Given data Block Start

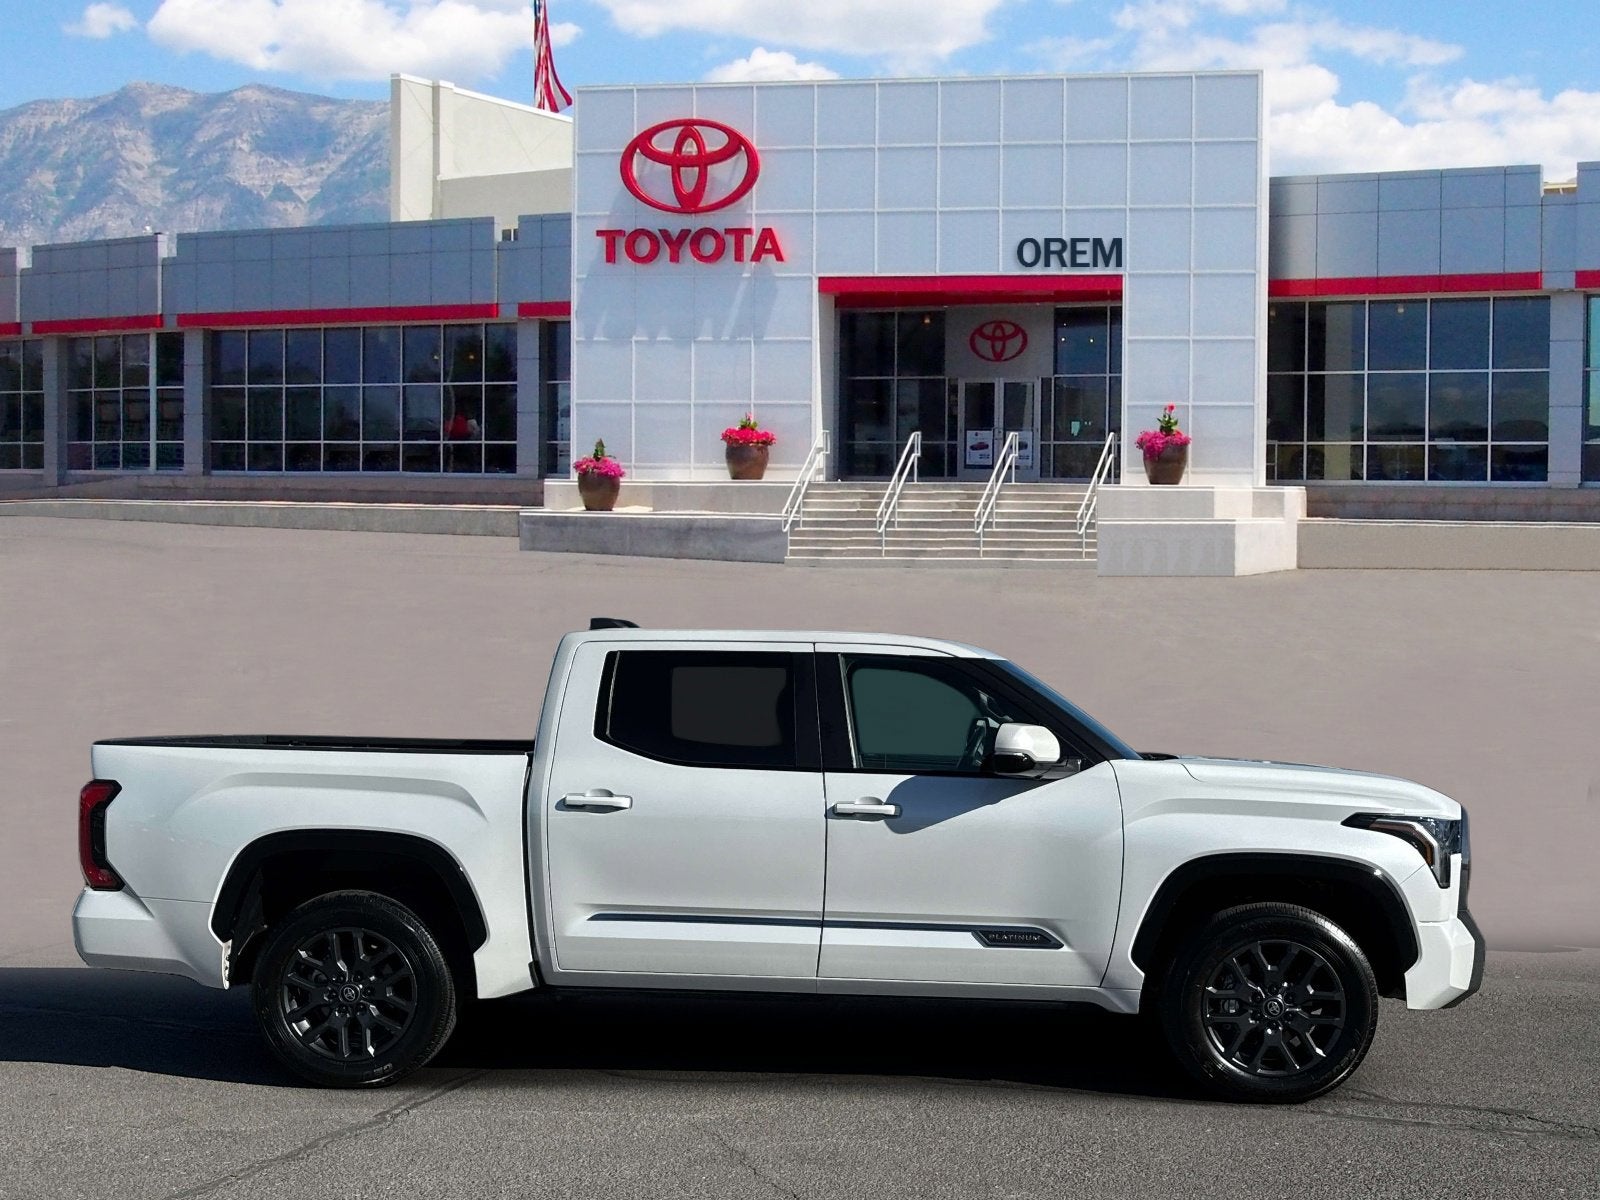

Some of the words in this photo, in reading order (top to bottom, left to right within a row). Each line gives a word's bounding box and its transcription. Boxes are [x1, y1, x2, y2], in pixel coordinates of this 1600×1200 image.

[596, 227, 784, 264] TOYOTA
[1017, 237, 1122, 268] OREM
[988, 933, 1041, 941] PLATINUM
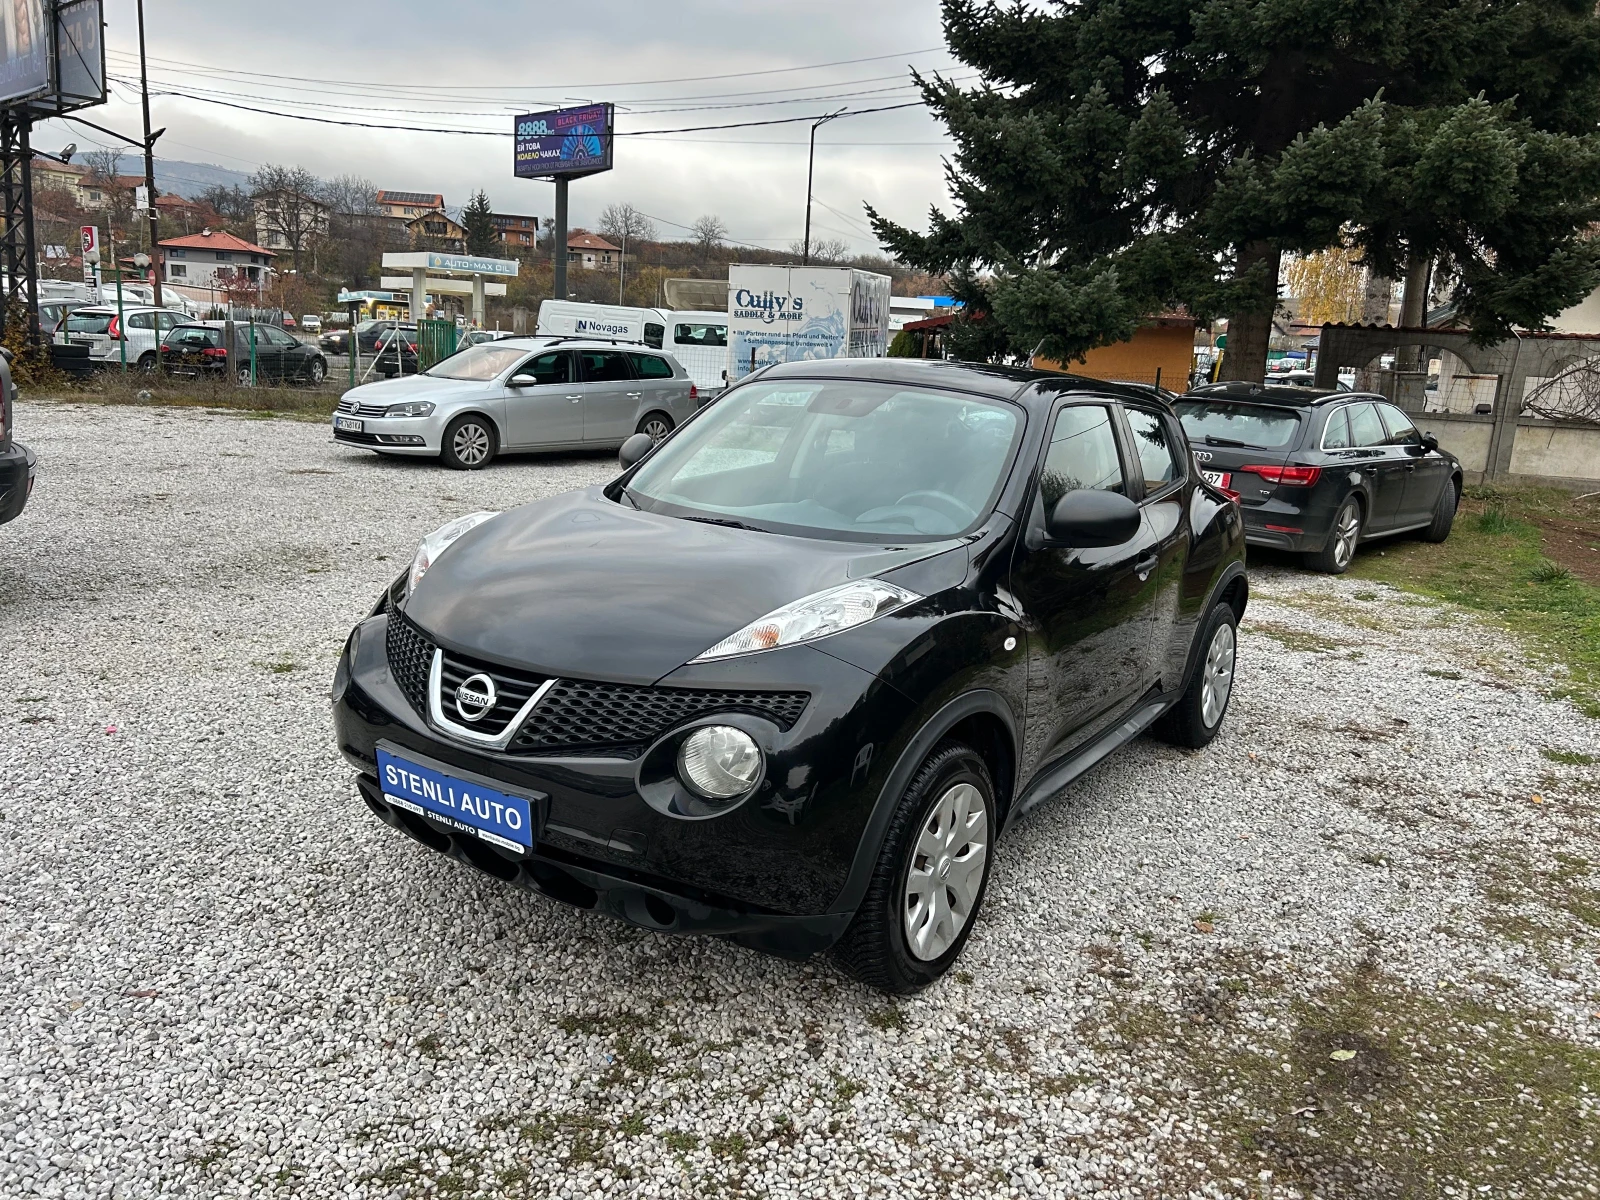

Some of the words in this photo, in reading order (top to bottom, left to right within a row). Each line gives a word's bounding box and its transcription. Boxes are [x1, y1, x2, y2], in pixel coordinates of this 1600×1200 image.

Given data Block End

## Work to complete:
The entries must be repeated exactly. Leave the images out.

## Solution for this task:
Some of the words in this photo, in reading order (top to bottom, left to right within a row). Each line gives a word's bounding box and its transcription. Boxes are [x1, y1, x2, y2], in pixel coordinates of this 1600×1200 image.

[596, 227, 784, 264] TOYOTA
[1017, 237, 1122, 268] OREM
[988, 933, 1041, 941] PLATINUM

Some of the words in this photo, in reading order (top to bottom, left to right within a row). Each line gives a word's bounding box and its transcription. Boxes are [x1, y1, x2, y2], in pixel coordinates of this 1600×1200 image.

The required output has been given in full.